MACTAN, Cebu—As the peso strengthened to its highest in four years, the central bank on Tuesday warned against currency speculation and reminded banks about the non-eligibility of money from foreign clients in the special deposit account (SDA) facility.

The Bangko Sentral ng Pilipinas said it wanted banks to put up a system that would detect sources of funds being invested in the SDA facility. Specifically, the BSP wanted banks to have a means to prove to regulators that the funds they were placing in SDAs were not money coming from their foreign clients.

Last July, the BSP announced that it was prohibiting foreign funds from being invested in the central bank’s SDA facility, a virtually risk-free investment vehicle that earns about 4 percent interest across all maturities.

The prohibition was aimed at curbing speculative activities involving the peso-dollar exchange rate. Regulators believed that because of speculation that the peso would further appreciate over the near term,

fund owners were selling dollars and investing in pesos to take advantage of potential earning opportunities. Some of the pesos bought by speculators were believed to be being parked as investments in the SDA facility of the central bank.

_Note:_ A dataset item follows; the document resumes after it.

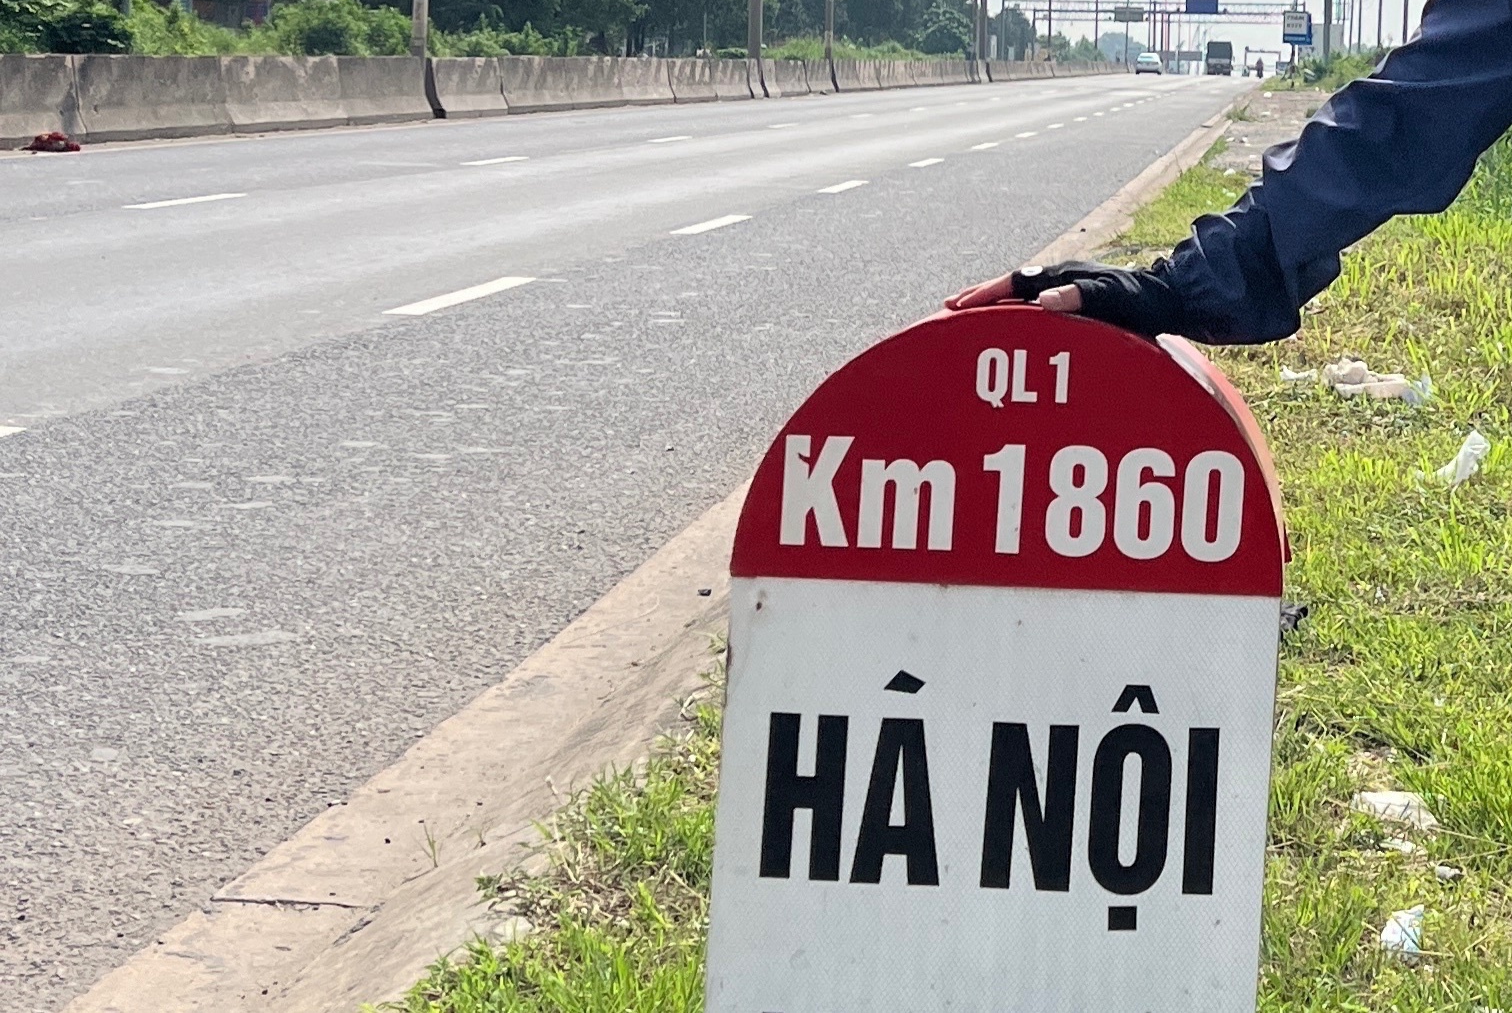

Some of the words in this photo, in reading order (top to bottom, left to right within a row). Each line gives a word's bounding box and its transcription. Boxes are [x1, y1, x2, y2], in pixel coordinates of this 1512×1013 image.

[779, 434, 957, 552] Km
[983, 443, 1246, 564] 1860
[979, 684, 1220, 931] NỘI

BSP Governor Amando Tetangco Jr. said the SDA facility should not be accommodating foreign investments, particularly those that are speculative in nature. The facility was meant to siphon off excess peso liquidity to keep inflation manageable, he said.

“Banks have to put in place a system that will make sure they are able to comply with the regulation against SDA placements funded by foreign money. They must establish a system through which they can tell [the BSP] the source of the SDA funds,” Tetangco told reporters at the sidelines of a financial literacy program held here and organized by the BSP and the Organization for Economic Cooperation and Development (OECD).

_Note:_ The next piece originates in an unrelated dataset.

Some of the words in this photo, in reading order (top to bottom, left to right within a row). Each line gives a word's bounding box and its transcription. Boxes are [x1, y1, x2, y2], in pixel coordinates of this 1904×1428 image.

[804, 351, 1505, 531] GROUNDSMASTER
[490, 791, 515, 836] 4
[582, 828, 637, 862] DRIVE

The peso again strengthened to the 41-to-a-dollar territory this month, hitting a new four-year high on Monday. On Tuesday, the local currency closed at 41.56 to $1. Regulators attributed the appreciation of the peso to the favorable economic performance of the Philippines and the economic problems of advanced economies—both of which are driving foreign investment funds (mostly the speculative “hot money”) to the Philippines.

Tetangco said the BSP would exercise flexibility in intervening in the foreign exchange market, such as by buying dollars, to prevent sharp and sudden movements in the exchange rate.

Tetangco said the BSP maintained the policy of allowing the exchange rate to be generally determined by the market, but would keep the flexibility to participate in the market to avoid sharp fluctuations.

The BSP said it did not have a bias in favor of a strong or weak peso, but stressed that sharp and sudden fluctuations should be avoided. Too much volatility, it explained, harms businesses and the economy in general.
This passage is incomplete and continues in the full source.